Source data:

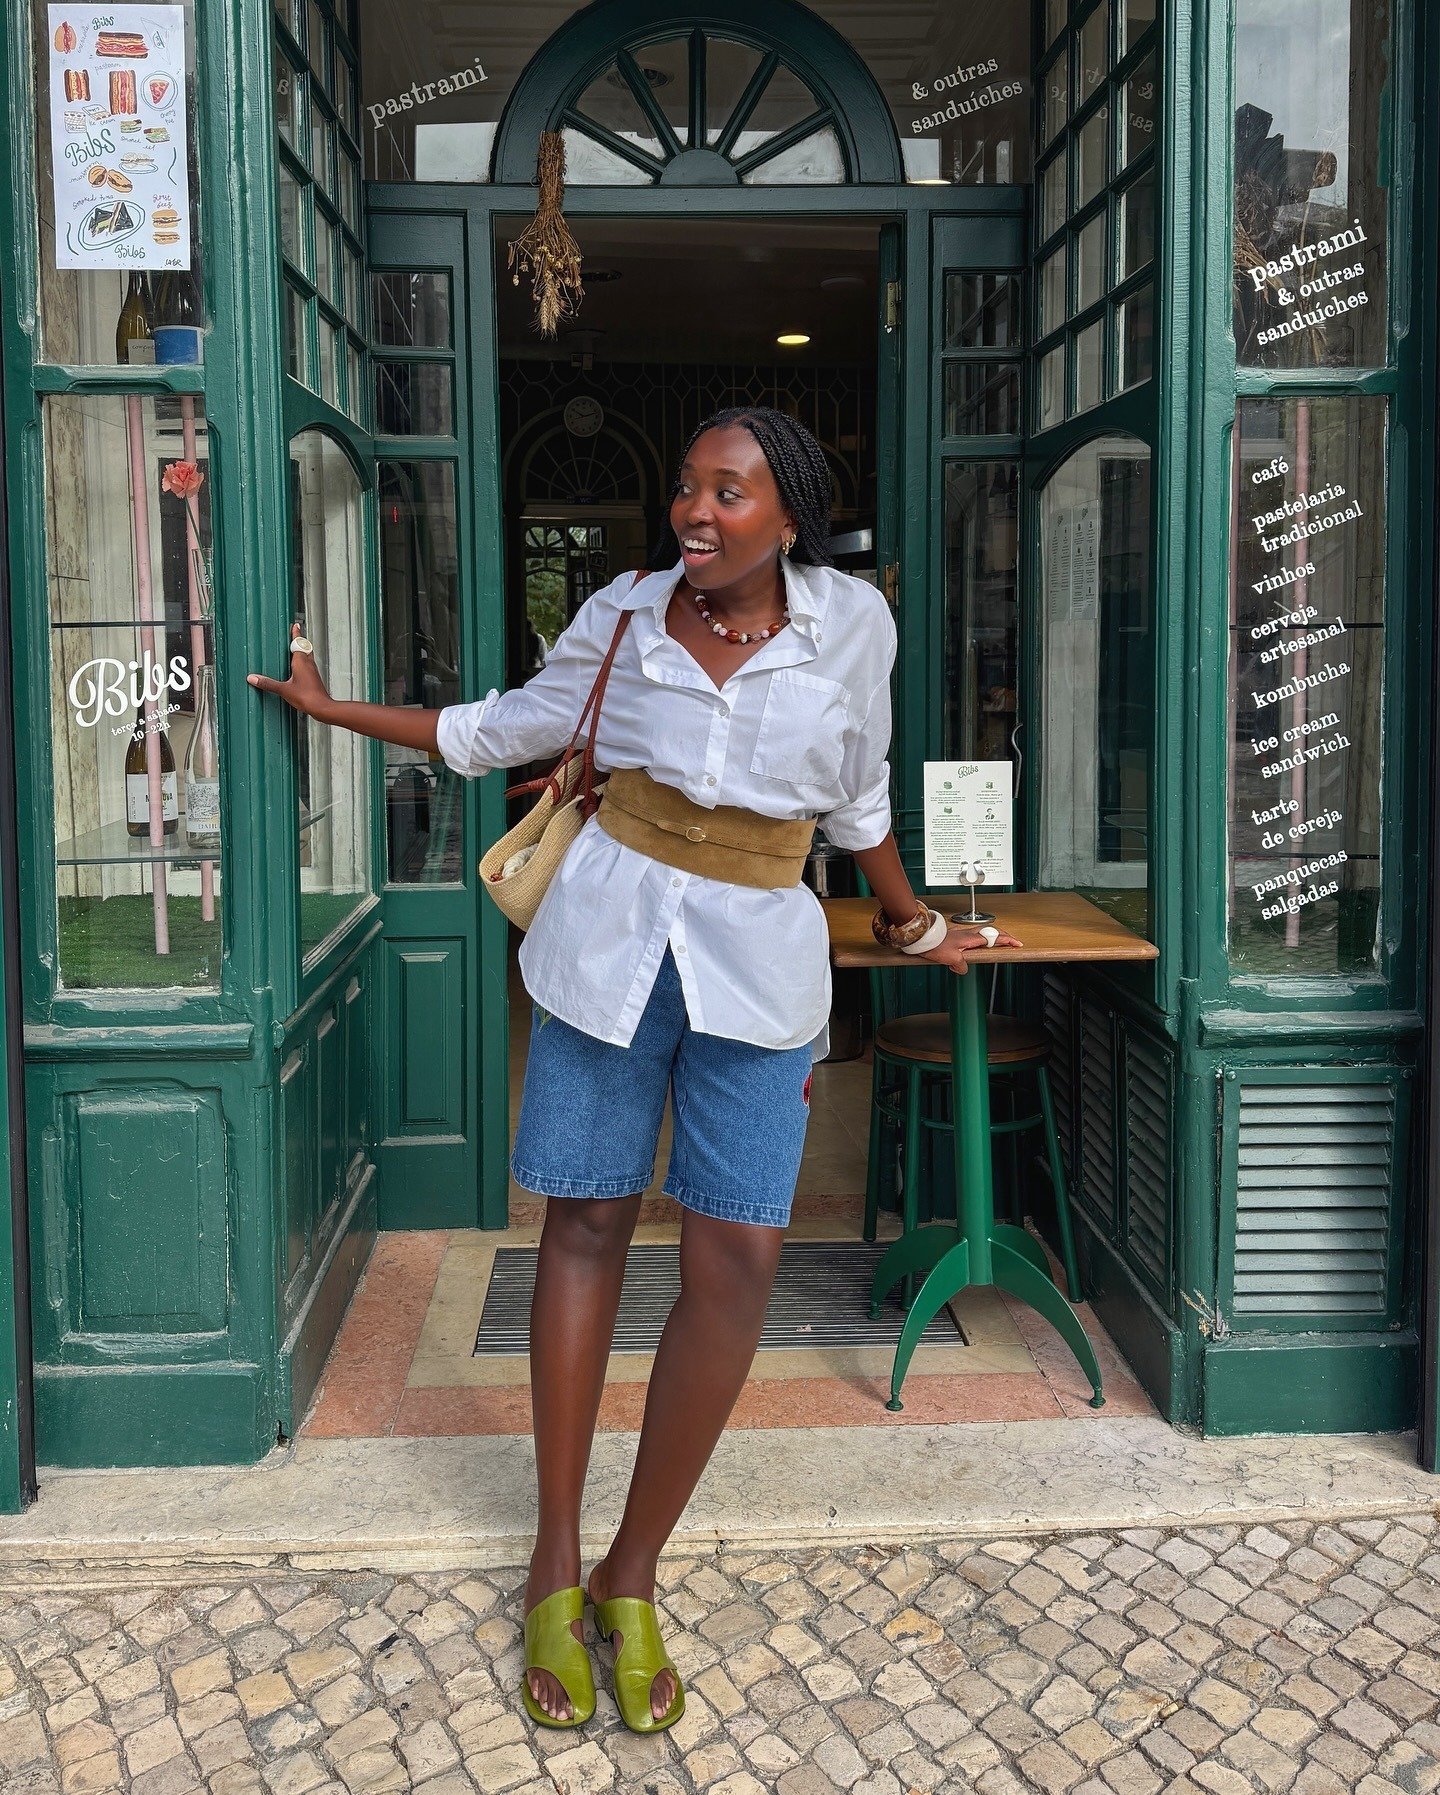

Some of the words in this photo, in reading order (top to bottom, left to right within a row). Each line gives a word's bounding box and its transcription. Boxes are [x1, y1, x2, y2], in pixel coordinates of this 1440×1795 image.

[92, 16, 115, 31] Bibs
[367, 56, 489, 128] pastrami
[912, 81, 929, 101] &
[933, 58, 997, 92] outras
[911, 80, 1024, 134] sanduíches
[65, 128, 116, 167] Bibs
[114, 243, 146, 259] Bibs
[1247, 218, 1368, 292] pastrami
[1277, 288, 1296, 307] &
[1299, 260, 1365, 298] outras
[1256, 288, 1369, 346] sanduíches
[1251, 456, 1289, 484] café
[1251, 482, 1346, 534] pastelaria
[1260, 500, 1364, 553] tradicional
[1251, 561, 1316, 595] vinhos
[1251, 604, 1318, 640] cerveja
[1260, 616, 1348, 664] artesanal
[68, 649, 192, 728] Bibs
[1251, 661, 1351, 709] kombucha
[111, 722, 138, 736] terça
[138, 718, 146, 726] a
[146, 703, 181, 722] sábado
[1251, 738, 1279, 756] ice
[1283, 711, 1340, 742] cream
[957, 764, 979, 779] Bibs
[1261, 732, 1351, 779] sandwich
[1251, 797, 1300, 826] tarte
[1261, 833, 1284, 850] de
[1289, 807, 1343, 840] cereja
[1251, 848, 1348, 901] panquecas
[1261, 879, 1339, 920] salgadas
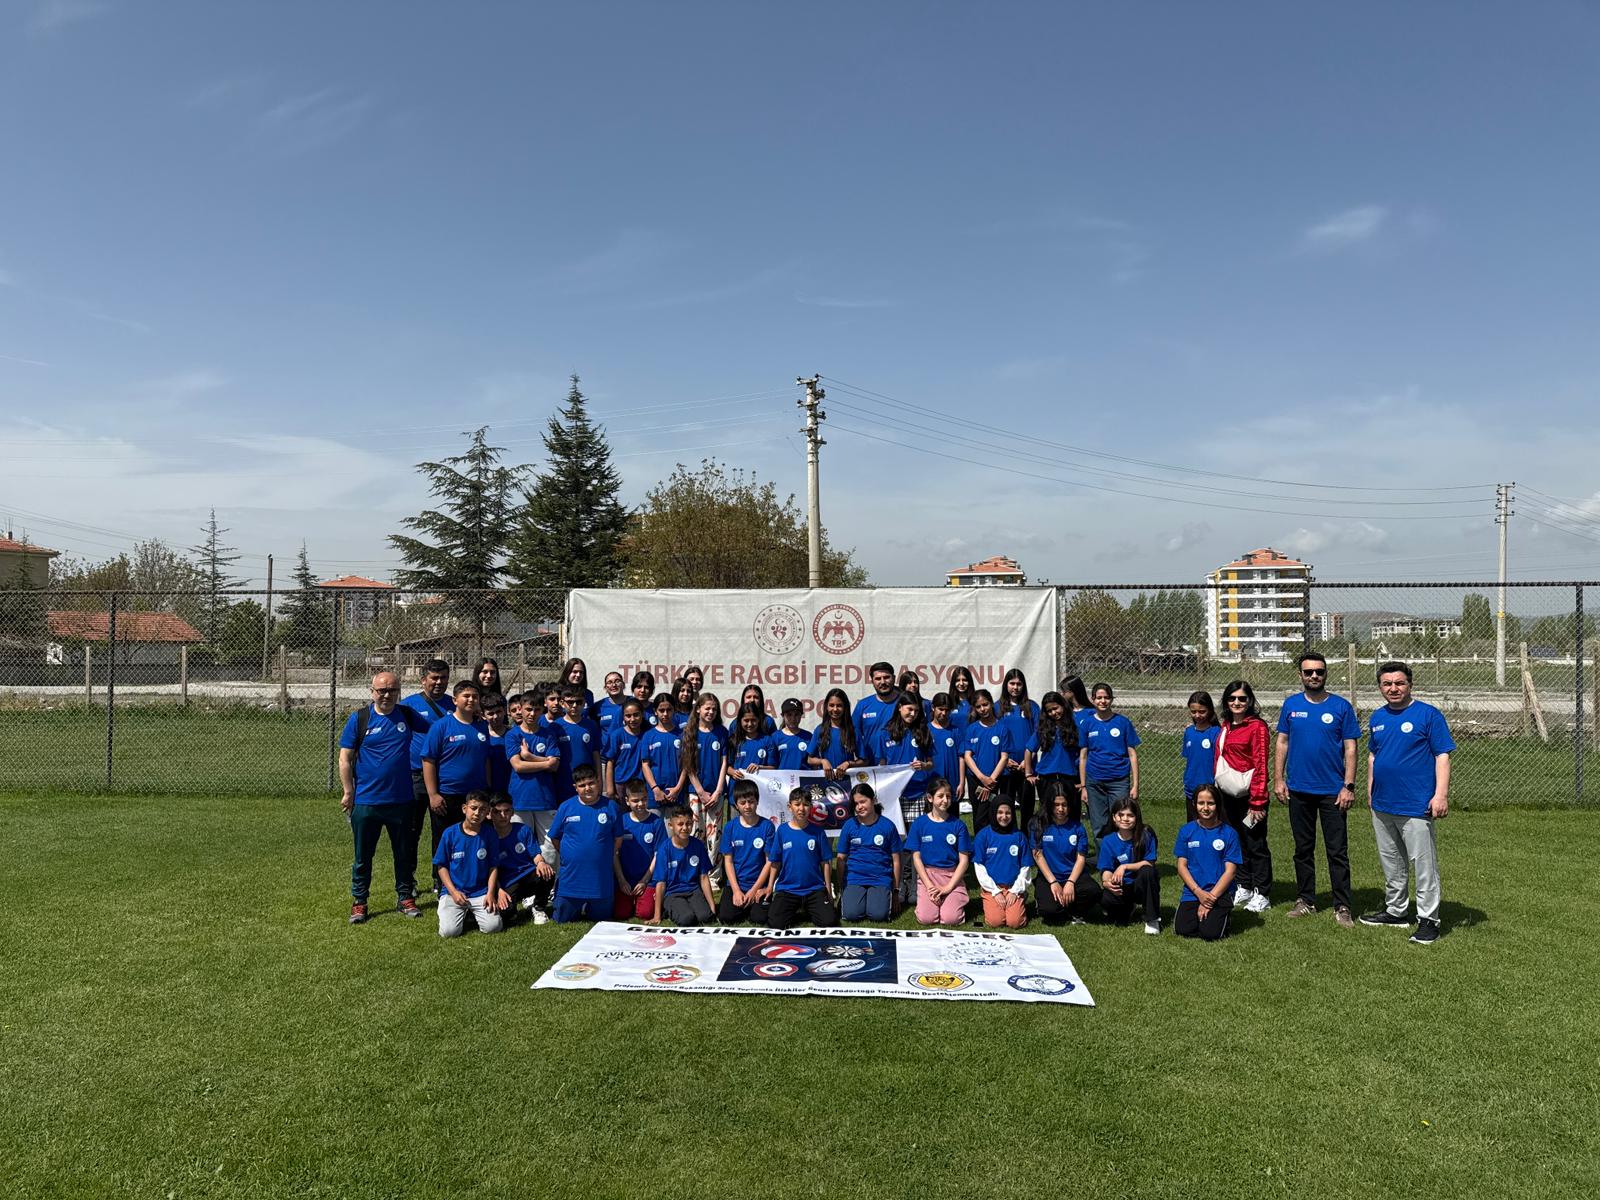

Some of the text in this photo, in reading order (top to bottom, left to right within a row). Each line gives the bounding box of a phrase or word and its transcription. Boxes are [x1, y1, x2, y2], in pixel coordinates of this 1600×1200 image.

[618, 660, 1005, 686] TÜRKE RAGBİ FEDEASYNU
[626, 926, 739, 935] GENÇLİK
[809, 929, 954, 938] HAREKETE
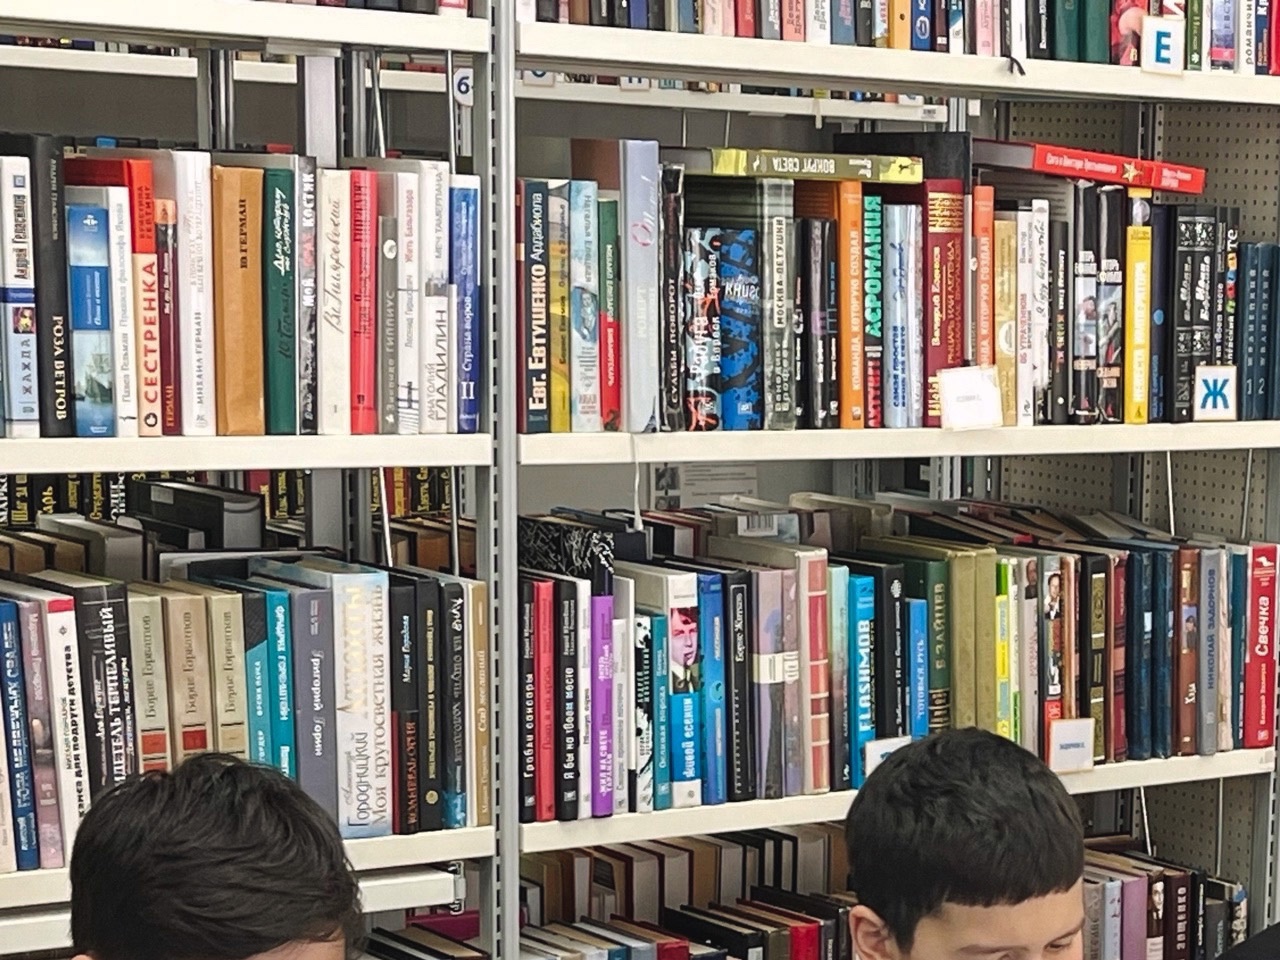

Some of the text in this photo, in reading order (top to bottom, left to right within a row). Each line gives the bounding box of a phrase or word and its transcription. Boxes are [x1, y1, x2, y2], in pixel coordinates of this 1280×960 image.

What to do:
Return nothing except the lines from the line with "this 1600×1200 image." through the last line of the records above, copied exactly and without pictures.

Result of the task:
Some of the text in this photo, in reading order (top to bottom, left to right within a row). Each line gives the bounding box of a phrase or word and its transcription. Boxes are [x1, y1, x2, y2], in pixel coordinates of this 1600×1200 image.

[618, 660, 1005, 686] TÜRKE RAGBİ FEDEASYNU
[626, 926, 739, 935] GENÇLİK
[809, 929, 954, 938] HAREKETE

Some of the text in this photo, in reading order (top to bottom, left to right within a row). Each line gives the bounding box of a phrase or word and its transcription. Boxes are [x1, y1, x2, y2], in pixel coordinates of this 1280×960 image.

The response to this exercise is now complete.